Enfin, la question de la performance environnementale reste centrale. Malgré les ambitions initiales, les résultats en matière de recyclage et de valorisation des déchets demeurent en deçà des attentes. Ce décalage fragilise la crédibilité même du dispositif.

Refonder la REP pour sécuriser la filière et les entreprises

Face à ces critiques, l’État a engagé une concertation de douze mois avec l’ensemble des parties prenantes. Cette démarche vise à redéfinir les contours de la filière et à corriger ses faiblesses structurelles.

L’objectif est double. D’une part, rendre le système plus efficace et plus lisible. D’autre part, garantir sa soutenabilité économique pour les entreprises. Dans ce cadre, plusieurs pistes sont envisagées. Elles portent notamment sur une simplification des procédures, une meilleure régulation des éco-organismes et un renforcement des contrôles.

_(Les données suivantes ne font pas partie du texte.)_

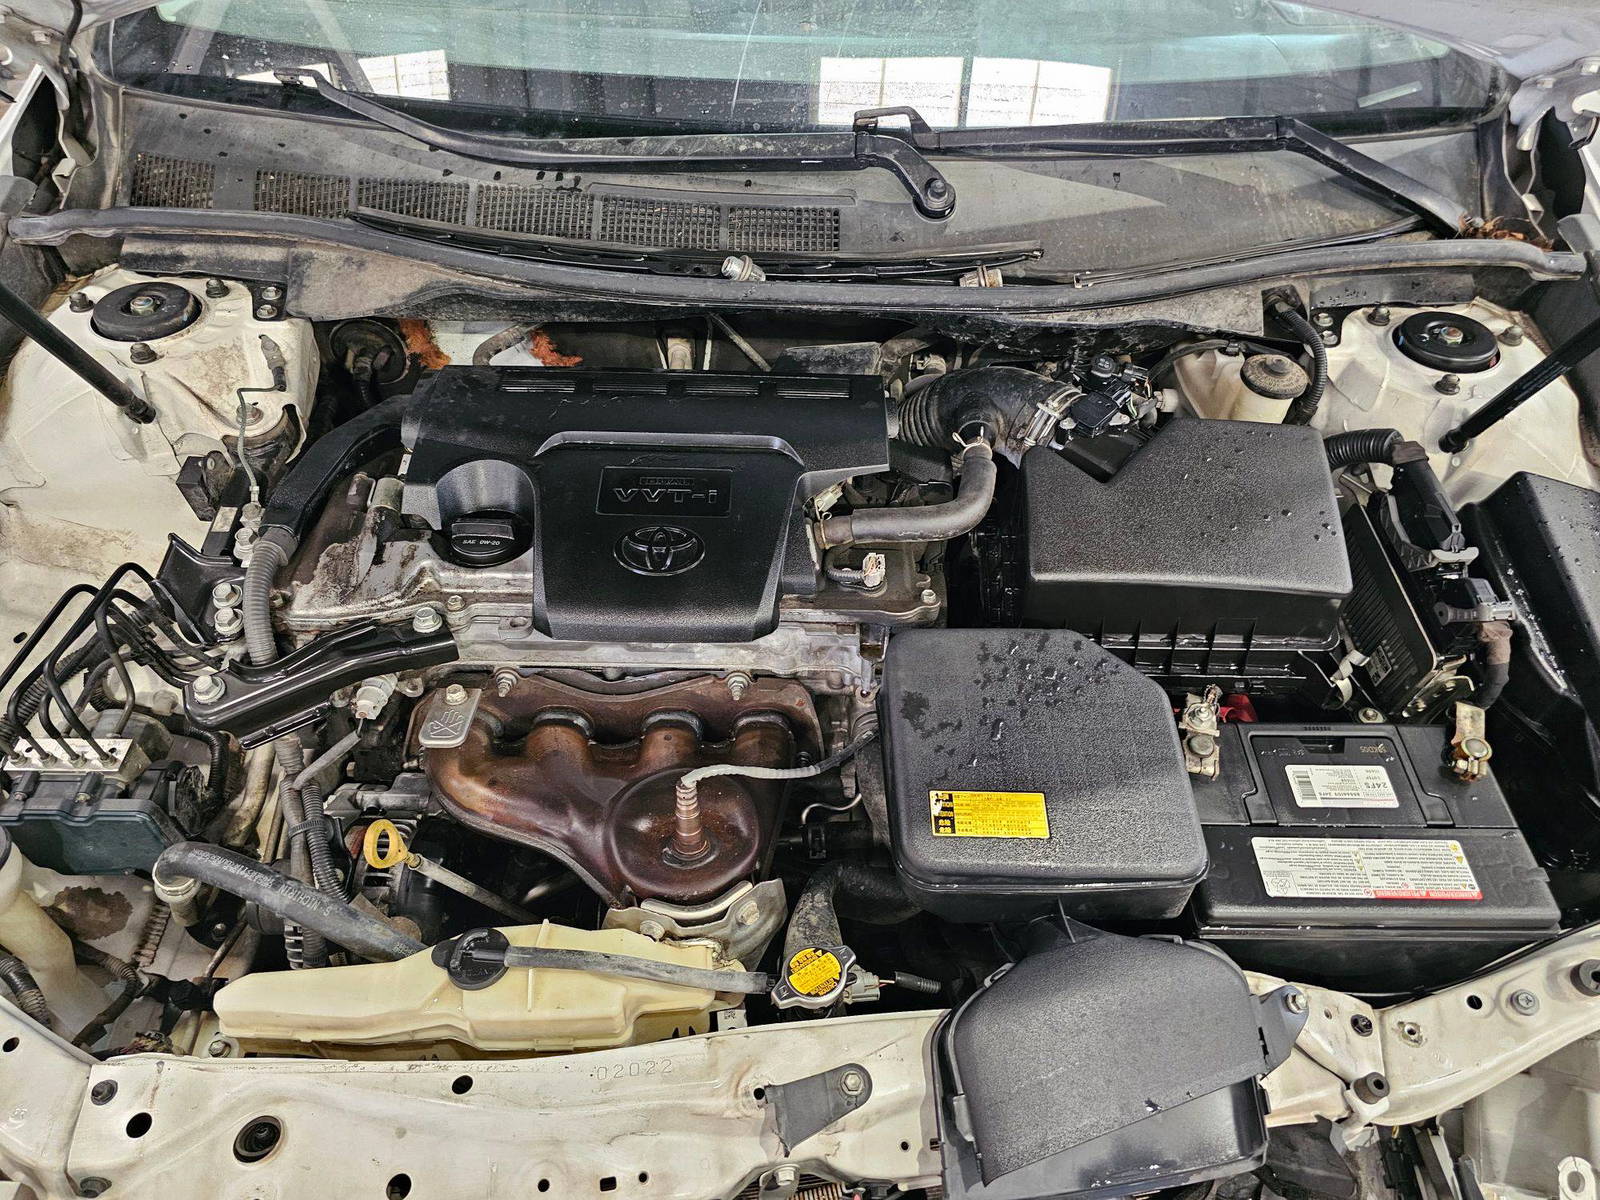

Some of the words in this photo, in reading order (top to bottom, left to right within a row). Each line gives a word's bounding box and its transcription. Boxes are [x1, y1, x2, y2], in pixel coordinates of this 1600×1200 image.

L’enjeu est également d’assurer une meilleure couverture territoriale, afin de faciliter l’accès aux points de collecte.
Cette refondation apparaît d’autant plus urgente que la filière REP PMCB constitue un pilier de la stratégie française d’économie circulaire. Son bon fonctionnement conditionne à la fois la réduction des déchets, la compétitivité des entreprises et l’équilibre financier des collectivités.

Toutefois, la réussite de cette réforme dépendra de la capacité des pouvoirs publics à concilier des intérêts parfois divergents. Entre exigences environnementales, contraintes économiques et réalités opérationnelles, l’équation reste complexe. C’est précisément ce qui explique l’appel conjoint des collectivités et des artisans : une REP plus cohérente, plus équitable et véritablement opérationnelle.